O Interdisciplinaridade e Evidências no Debate Educacional (Iede) divulgou nesta quarta-feira (29/04) um indicador sobre a educação infantil no Brasil. A pesquisa aponta que 16% dos municípios têm pelo menos 10% das crianças de 4 e 5 anos fora da escola.
Na região Norte, 29% das cidades registram menos de 90% de matrícula nessa faixa etária, o maior índice do país. O Sul tem 11% dos municípios nessa faixa, seguido por Centro-Oeste (21%), Nordeste (17%) e Sudeste (13%).
Para crianças de até 3 anos, a meta do Plano Nacional de Educação é de 60% em creches até 2036. No entanto, 81% dos municípios não atingem esse patamar, com o Norte alcançando 94% fora do padrão.
Região e capitais
Entre as capitais, há casos de cobertura total para 4 e 5 anos, mas também municípios com índices baixos.

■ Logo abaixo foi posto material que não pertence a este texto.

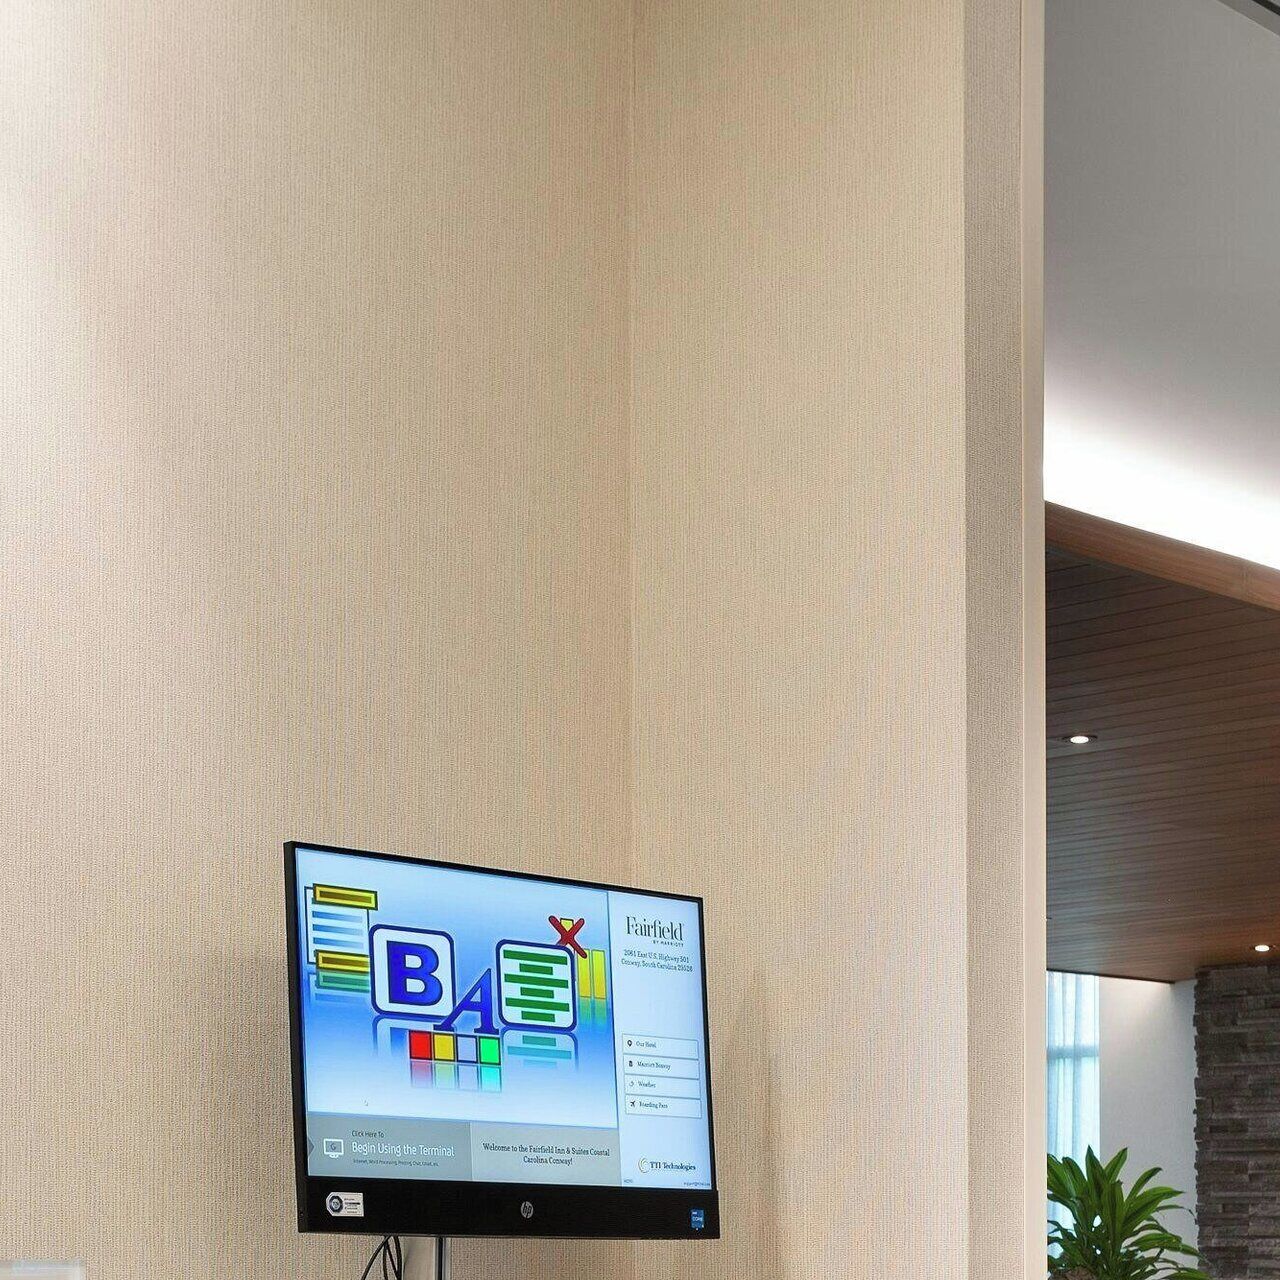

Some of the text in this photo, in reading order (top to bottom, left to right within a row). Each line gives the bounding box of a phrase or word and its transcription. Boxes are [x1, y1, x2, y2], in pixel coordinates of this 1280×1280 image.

A oferta de creches varia bastante, com o Norte apresentando os menores percentuais de atendimento.
O diretor executivo do Iede destaca a necessidade de dados detalhados para localizar crianças fora da escola e orientar decisões. Sem informações atualizadas, a ação pública fica limitada.
Ações do Ministério da Educação
O Ministério da Educação afirma manter apoio às gestões locais e cita investimentos em infraestrutura. A pasta ressalta que ampliar vagas depende de articulação entre União e municípios, baseada em dados públicos.
A pasta ainda ressalta programas de construção e retomada de unidades como estratégia para reduzir o déficit e ampliar o atendimento na educação infantil. Estão em curso medidas para ampliar a oferta.